Extrobritannia is the monthly public event of the United Kingdom Transhumanist Association.

2.10.08

How Feasible is a Nanofactory?

The next ExtroBritannia event is scheduled for Saturday October the 18th 2008; 2:00pm - 4:00pm. Venue: Room 538, 5th floor (via main lift), Birkbeck College, Torrington Square, London WC1E 7HX. The event is free and everyone’s welcome.

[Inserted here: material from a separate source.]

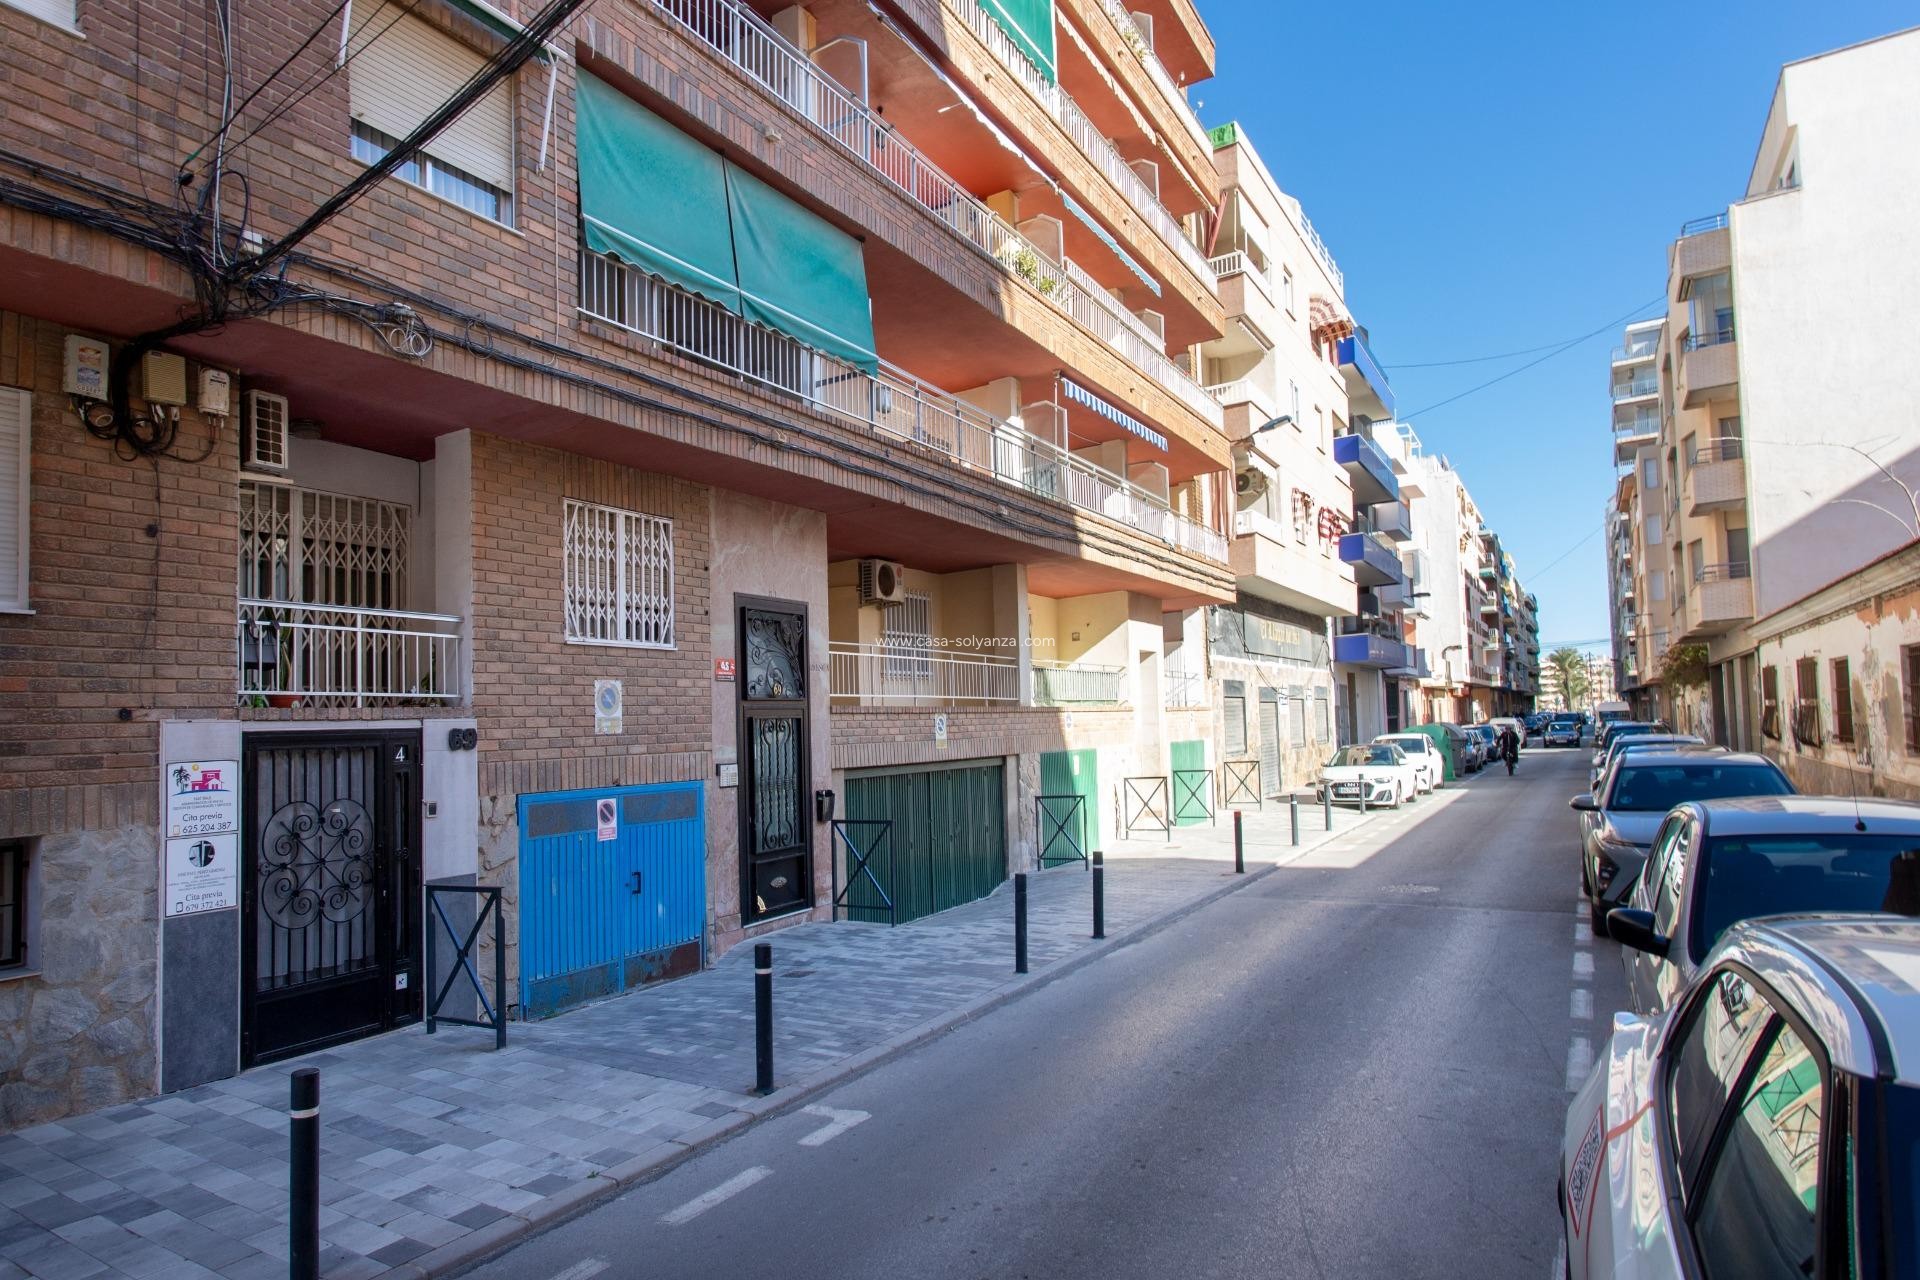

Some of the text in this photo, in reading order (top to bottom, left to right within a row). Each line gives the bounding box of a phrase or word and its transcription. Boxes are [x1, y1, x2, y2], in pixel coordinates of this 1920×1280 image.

Lead speaker: Professor Philip Moriarty, School of Physics and Astronomy, University of Nottingham

Nanotechnology, and in particular the molecular manufacturing and nanoassembler concepts first put forward by K Eric Drexler [1] in the eighties, have been lauded as key enabling technologies to advance the human condition. At the core of Drexler's approach is the manipulation of single atoms and molecules using computer-controlled actuators or probes, which he argues will enable the assembly of "virtually anything" from basic raw materials [2]. Widely decried in both the academic scientific community and in a variety of popular science publications and media [3], this "Drexlarian" molecular nanotechnology approach has thus yet to be explored or tested experimentally. Nevertheless, at the core of Drexler's approach there is a demonstrably valid idea: the controlled positioning and manipulation of single atoms and molecules using, for example, scanning probe microscopes. The talk will critically assess Drexler's approach to nanotechnology from the perspective of an experimental nanoscientist [4], focussing in particular on the aims and objectives of a recently-funded programme of work [5] on computer-controlled assembly of diamond nanostructures.

1. http://en.wikipedia.org/wiki/K._Eric_Drexler
2. http://pubs.acs.org/cen/coverstory/8148/8148counterpoint.html
3. http://cohesion.rice.edu/NaturalSciences/Smalley/emplibrary/SA285-76.pdf
4. http://www.softmachines.org/wordpress/?p=70
5. http://crnano.typepad.com/crnblog/2008/08/building-digital-matter.html


The venue: Room 538, 5th floor (via main lift), Birkbeck College, Torrington Square (which is a pedestrian-only square). Torrington Square is about 10 minutes walk from either Russell Square or Goodge St tube stations. MAP.

Discussion is likely to continue after the event, in a nearby pub, for those who are able to stay. There's also the option of joining some of the UKTA regulars for lunch beforehand, starting c. 1pm at The Marlborough Arms, 36 Torrington Place, London WC1E 7HJ. To find us, look out for a table where there's a copy of Eric Drexler's "Engines of Creation" displayed.